Il cuore delle donne è fragile in ogni fase della vita, ma in gravidanza è sottoposto a uno sforzo eccezionale: il volume di sangue cresce fino al 60% e il battito accelera. Nella maggior parte dei casi l’organismo si adatta bene, ma per chi ha patologie cardiache o una predisposizione i rischi aumentano, soprattutto dopo i 35 anni.
Lo studio sul rischio di infarto
Uno studio della NYU School of Medicine, pubblicato su Mayo Clinic Proceedings, mostra che il rischio di infarto in gravidanza è 5 volte più alto tra i 35 e i 39 anni e 10 volte oltre i 40. Un dato legato anche alla tendenza a posticipare la maternità.
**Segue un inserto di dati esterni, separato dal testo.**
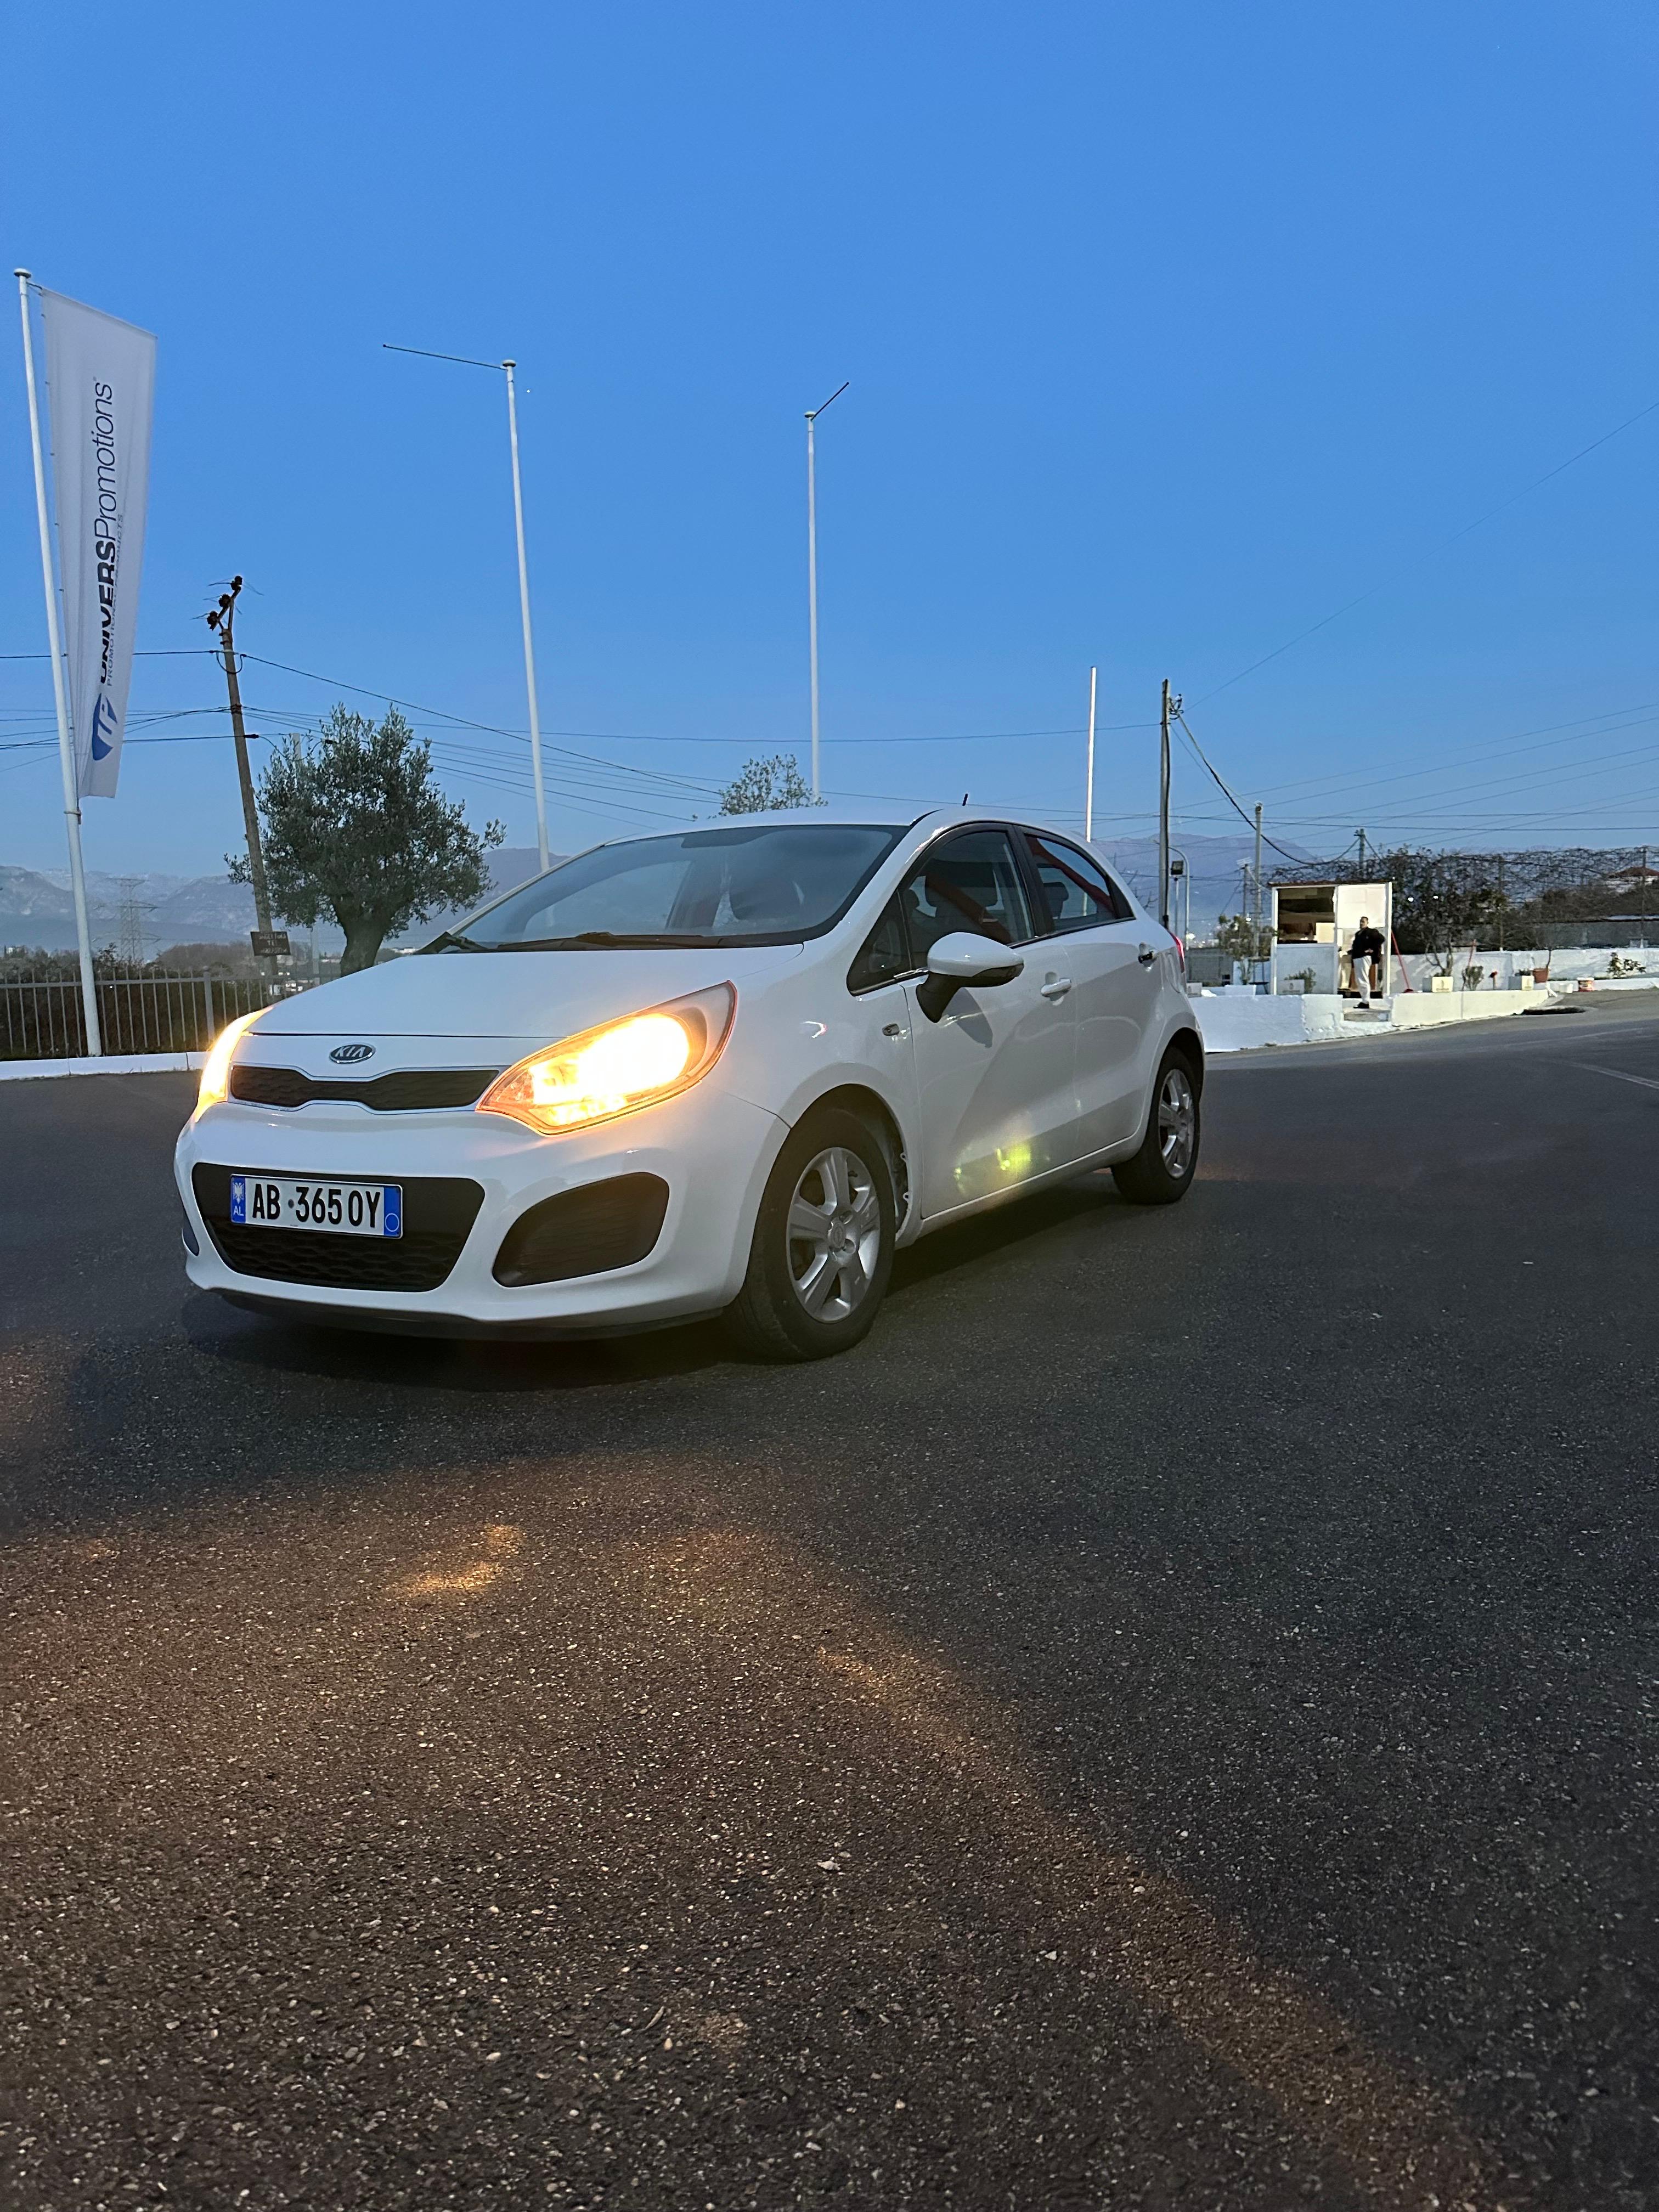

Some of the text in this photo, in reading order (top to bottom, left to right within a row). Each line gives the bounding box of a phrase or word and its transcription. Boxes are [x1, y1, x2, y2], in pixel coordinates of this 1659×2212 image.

[335, 1046, 366, 1058] KIA
[252, 1183, 280, 1220] AB
[233, 1205, 245, 1216] AL
La salute del cuore viene sottovalutata
La salute cardiovascolare femminile però resta spesso sottovalutata. Molte donne soffrono della cosiddetta “triade invisibile”: ischemia o angina senza ostruzioni coronariche (INOCA-ANOCA), infarto senza ostruzioni (MINOCA) e dissezioni coronariche spontanee (SCAD), patologie difficili da diagnosticare e spesso trascurate.
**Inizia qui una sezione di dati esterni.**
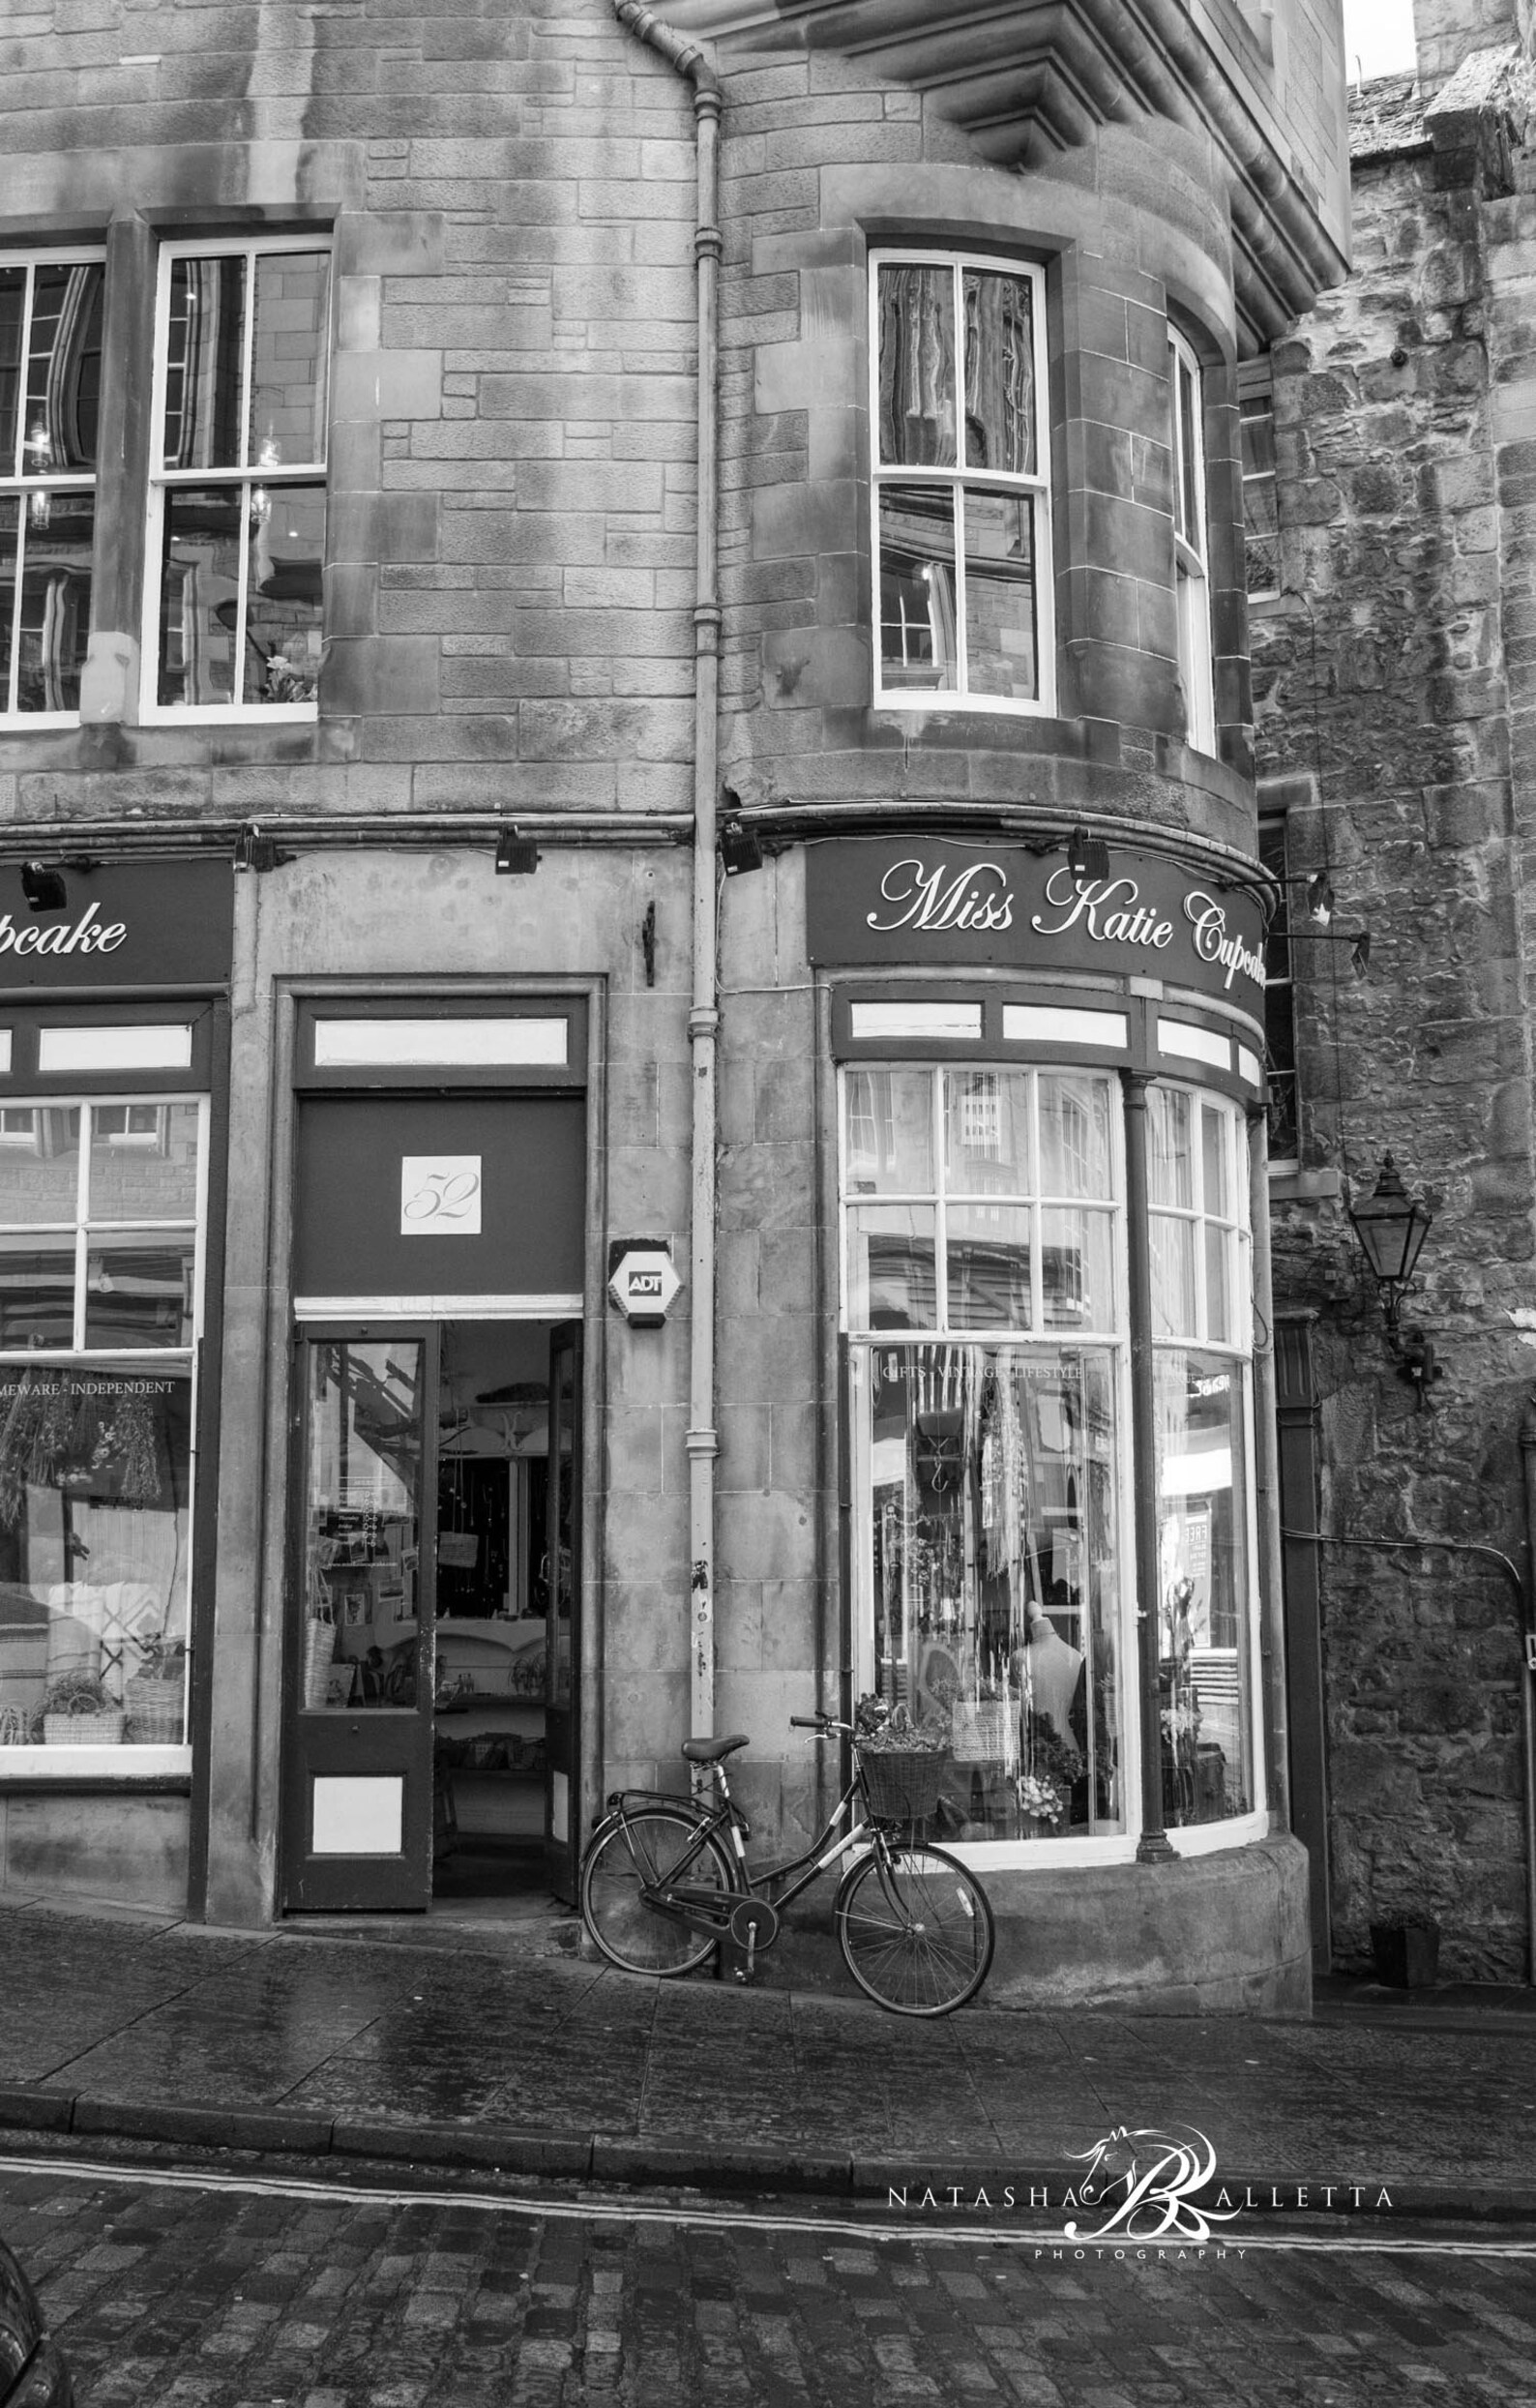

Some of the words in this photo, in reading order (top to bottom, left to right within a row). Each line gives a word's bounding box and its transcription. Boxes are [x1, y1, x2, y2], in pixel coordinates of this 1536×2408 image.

Anche le malattie valvolari presentano caratteristiche diverse rispetto agli uomini, con sintomi più sfumati e ritardi diagnostici che portano a prognosi peggiori.
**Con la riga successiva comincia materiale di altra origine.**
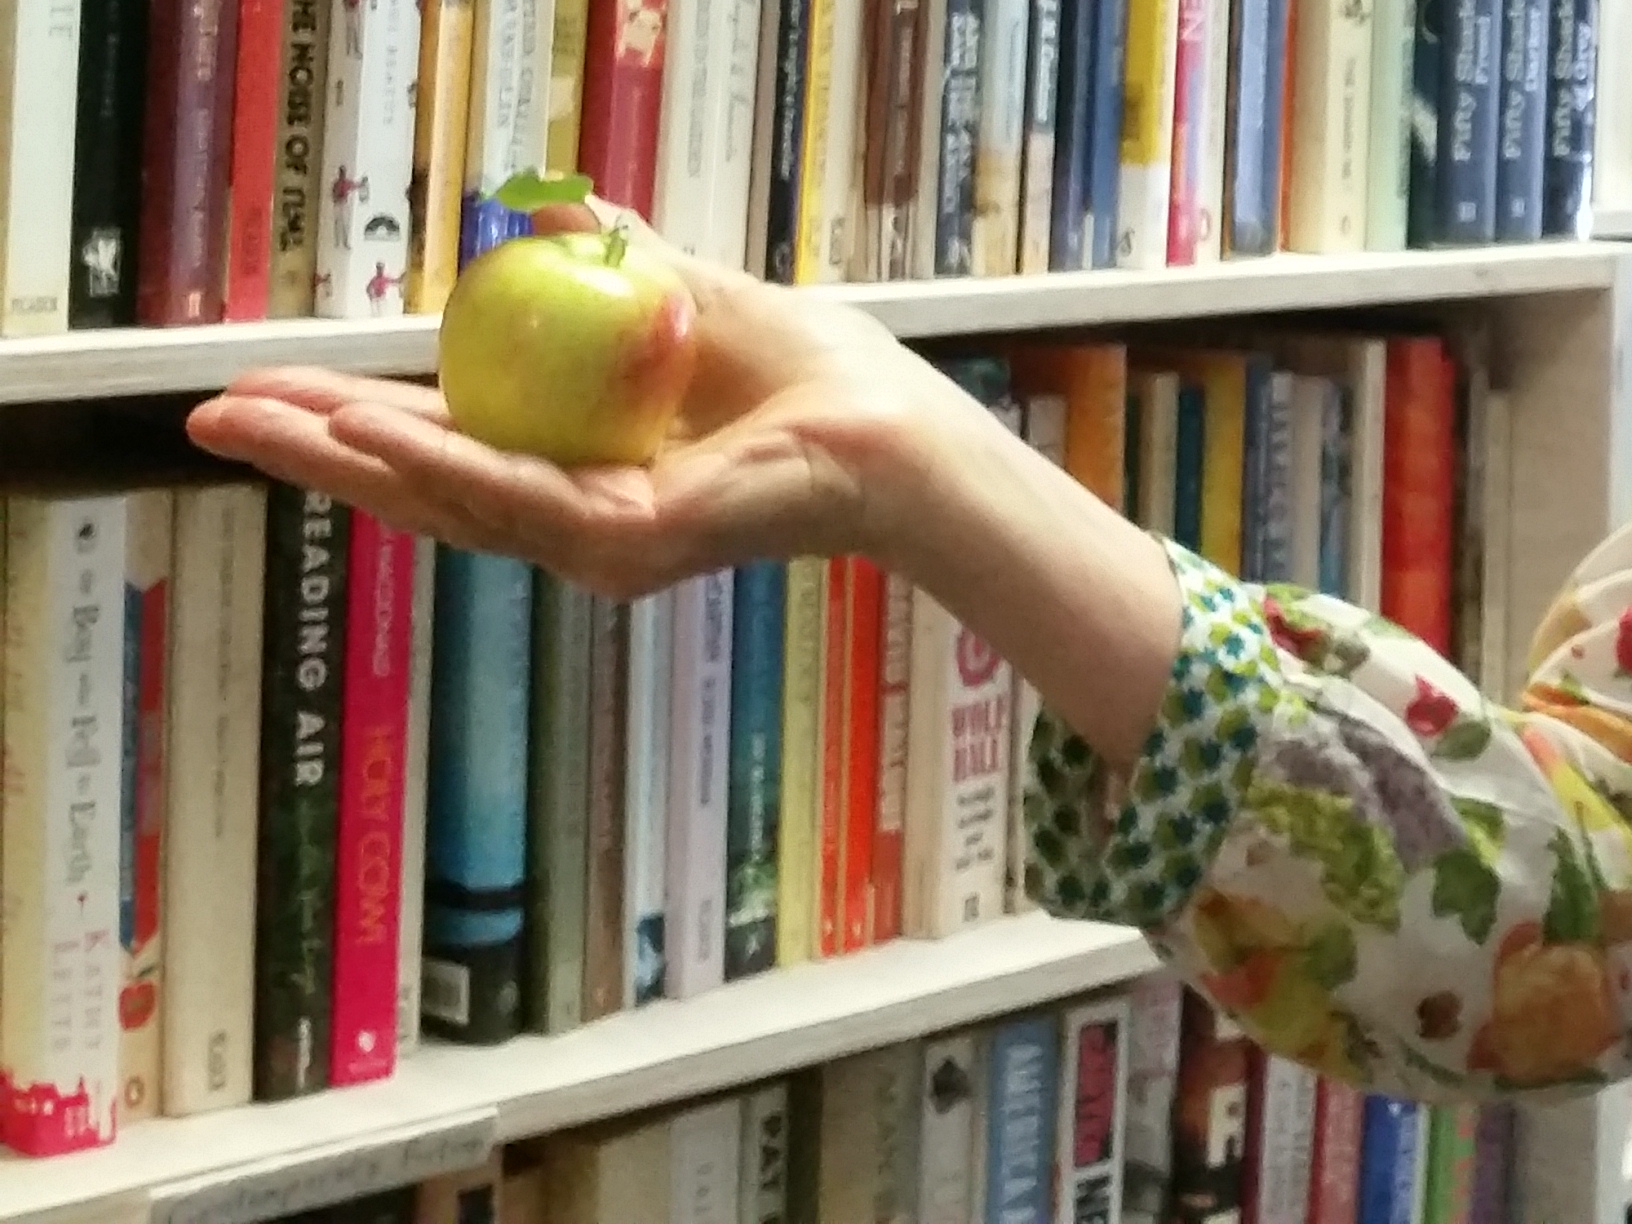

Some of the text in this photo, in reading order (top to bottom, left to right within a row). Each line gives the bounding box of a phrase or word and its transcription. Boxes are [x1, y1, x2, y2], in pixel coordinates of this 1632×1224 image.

[286, 42, 315, 127] NOISE
[1551, 87, 1573, 158] Fifty
[285, 133, 311, 177] OF
[1451, 90, 1478, 162] Fifty
[1502, 89, 1527, 161] Fifty
[62, 604, 101, 664] Boy
[295, 491, 333, 788] READING AIR
[358, 725, 394, 821] HOLY
[52, 940, 81, 1051] LETTE
[84, 929, 111, 1050] KATHY
I temi del congresso GISE Women
Di questi temi si discute al GISE Women, congresso della Società Italiana di Cardiologia Interventistica, che punta a ridurre le disparità di genere in prevenzione, diagnosi e trattamenti. In Italia, le malattie cardiovascolari colpiscono ogni anno 124mila donne, con un rischio di morte del 31%, più alto del tumore al seno.
“Serve maggiore consapevolezza e attenzione alle specificità del cuore femminile – sottolineano gli specialisti – per garantire cure più efficaci e tempestive”.